» WORK TO BE COMPLETED: Set the data down again, exactly as it appears below.

Spatial localization data:
■ ■ ■
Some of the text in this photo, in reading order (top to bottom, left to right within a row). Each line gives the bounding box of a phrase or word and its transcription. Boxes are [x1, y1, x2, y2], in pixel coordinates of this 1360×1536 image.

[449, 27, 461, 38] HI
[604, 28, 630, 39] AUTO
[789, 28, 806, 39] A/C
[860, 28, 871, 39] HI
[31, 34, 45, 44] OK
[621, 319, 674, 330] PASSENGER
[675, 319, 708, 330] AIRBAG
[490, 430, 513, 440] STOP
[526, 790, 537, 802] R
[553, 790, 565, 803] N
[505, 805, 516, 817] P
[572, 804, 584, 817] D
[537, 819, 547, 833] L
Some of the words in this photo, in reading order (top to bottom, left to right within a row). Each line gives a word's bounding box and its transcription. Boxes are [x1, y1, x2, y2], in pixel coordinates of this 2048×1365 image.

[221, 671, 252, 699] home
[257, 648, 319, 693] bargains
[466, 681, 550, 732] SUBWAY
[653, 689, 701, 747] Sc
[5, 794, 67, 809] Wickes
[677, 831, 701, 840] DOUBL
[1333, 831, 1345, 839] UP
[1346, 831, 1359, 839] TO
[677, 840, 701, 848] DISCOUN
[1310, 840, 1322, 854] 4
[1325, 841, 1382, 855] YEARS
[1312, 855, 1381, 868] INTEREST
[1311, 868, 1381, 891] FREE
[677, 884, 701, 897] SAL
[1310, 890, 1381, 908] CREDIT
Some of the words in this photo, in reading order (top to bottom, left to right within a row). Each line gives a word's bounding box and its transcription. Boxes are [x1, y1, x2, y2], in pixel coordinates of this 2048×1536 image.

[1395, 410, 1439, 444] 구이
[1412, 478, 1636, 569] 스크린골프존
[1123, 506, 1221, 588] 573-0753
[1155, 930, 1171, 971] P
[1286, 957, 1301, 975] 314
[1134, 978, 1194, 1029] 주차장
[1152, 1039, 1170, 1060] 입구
■ ■ ■
» COMPLETED EXERCISE:
Some of the text in this photo, in reading order (top to bottom, left to right within a row). Each line gives the bounding box of a phrase or word and its transcription. Boxes are [x1, y1, x2, y2], in pixel coordinates of this 1360×1536 image.

[449, 27, 461, 38] HI
[604, 28, 630, 39] AUTO
[789, 28, 806, 39] A/C
[860, 28, 871, 39] HI
[31, 34, 45, 44] OK
[621, 319, 674, 330] PASSENGER
[675, 319, 708, 330] AIRBAG
[490, 430, 513, 440] STOP
[526, 790, 537, 802] R
[553, 790, 565, 803] N
[505, 805, 516, 817] P
[572, 804, 584, 817] D
[537, 819, 547, 833] L
Some of the words in this photo, in reading order (top to bottom, left to right within a row). Each line gives a word's bounding box and its transcription. Boxes are [x1, y1, x2, y2], in pixel coordinates of this 2048×1365 image.

[221, 671, 252, 699] home
[257, 648, 319, 693] bargains
[466, 681, 550, 732] SUBWAY
[653, 689, 701, 747] Sc
[5, 794, 67, 809] Wickes
[677, 831, 701, 840] DOUBL
[1333, 831, 1345, 839] UP
[1346, 831, 1359, 839] TO
[677, 840, 701, 848] DISCOUN
[1310, 840, 1322, 854] 4
[1325, 841, 1382, 855] YEARS
[1312, 855, 1381, 868] INTEREST
[1311, 868, 1381, 891] FREE
[677, 884, 701, 897] SAL
[1310, 890, 1381, 908] CREDIT
Some of the words in this photo, in reading order (top to bottom, left to right within a row). Each line gives a word's bounding box and its transcription. Boxes are [x1, y1, x2, y2], in pixel coordinates of this 2048×1536 image.

[1395, 410, 1439, 444] 구이
[1412, 478, 1636, 569] 스크린골프존
[1123, 506, 1221, 588] 573-0753
[1155, 930, 1171, 971] P
[1286, 957, 1301, 975] 314
[1134, 978, 1194, 1029] 주차장
[1152, 1039, 1170, 1060] 입구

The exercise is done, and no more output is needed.